REVERSED AND REMANDED.
Plaintiff Demetrius Hill (" Hill" ) sued Correctional Officer William Crum (" Crum" ) pursuant to Bivens v. Six Unnamed Agents, 403 U.S. 388, 91 S.Ct. 1999, 29 L.Ed.2d 619 (1971), alleging that Crum used excessive force against him in violation of Hill's Eighth Amendment rights. Claiming he was entitled to qualified immunity, Crum appeals the district court's denial of his Rule 50(b) motion for judgment as a matter of law. For the reasons that follow, we reverse the district court's order denying Crum's motion for judgment as a matter of law, and remand with instructions to enter judgment in favor of Crum.
I. Factual Background
At all times relevant to this appeal, Hill was an inmate in the U.S. Penitentiary Lee (" USP Lee" ) in Jonesville, Virginia. Hill shared a cell with Delmont Logan
(" Logan" ).1 On November 1, 2007, Logan broke a fire sprinkler in their cell, which caused the cell to flood. Hill and Logan submitted to hand restraints in order to be moved to a new cell so the damage could be repaired. Logan was first escorted by a correctional officer to a different cell, which left Crum alone in the flooded cell with Hill.

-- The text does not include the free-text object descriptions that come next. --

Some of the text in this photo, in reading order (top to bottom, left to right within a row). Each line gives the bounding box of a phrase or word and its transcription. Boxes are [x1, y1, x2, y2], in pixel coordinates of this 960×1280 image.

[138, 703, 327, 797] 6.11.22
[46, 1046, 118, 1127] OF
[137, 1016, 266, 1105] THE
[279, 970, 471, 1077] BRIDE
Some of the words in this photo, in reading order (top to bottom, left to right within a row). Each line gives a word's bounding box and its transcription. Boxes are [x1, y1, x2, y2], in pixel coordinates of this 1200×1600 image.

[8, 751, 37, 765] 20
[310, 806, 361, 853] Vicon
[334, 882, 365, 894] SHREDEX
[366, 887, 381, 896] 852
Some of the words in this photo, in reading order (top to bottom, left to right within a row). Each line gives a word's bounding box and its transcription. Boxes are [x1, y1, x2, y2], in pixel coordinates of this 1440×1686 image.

After Logan was removed, Crum shoved Hill and required him to leave his legal material in the flooded cell. Without provocation, Crum then assaulted Hill, punching him in the abdomen and ribs, and elbowing the side of his head. During the assault, Crum shouted at Hill, " break another sprinkler, I'll break your neck." (J.A. 219). The assault lasted about two minutes before Crum moved Hill to a holding cell, knocking his head against a gate on the way out. The prison staff kept Hill in ambulatory restraints for seventeen hours following the assault.2 Hill alleged that as a result of Crum's assault, he suffered a bruised rib, temporary dizziness, and a " vicious, vicious headache." (J.A. 150-51, 223).
About an hour after the assault, prison officials recorded two videos of Hill and Logan in their new cell. The videos depict Hill standing in his cell. While he does not seem to be in visible distress, he alleged he had a swollen eye, although that is not apparent in any of the videos.3
Theresa Meade (" Meade" ), a registered nurse, examined Hill after he was moved to the holding cell. Meade found that Hill had " [n]o injuries," (J.A. 192), and documented her assessment in a contemporaneous report, " Inmate Injury Assessment and Followup," (J.A. 201). Meade testified that while her examination focused on injuries caused by the ambulatory restraints, it would have included notes regarding Hill's dizziness, feelings of pain, inability to stand or understand had she noticed any problems, or if he had complained of any injuries. Hill's medical records did not indicate any complaints of injuries resulting from his alleged assault by Crum.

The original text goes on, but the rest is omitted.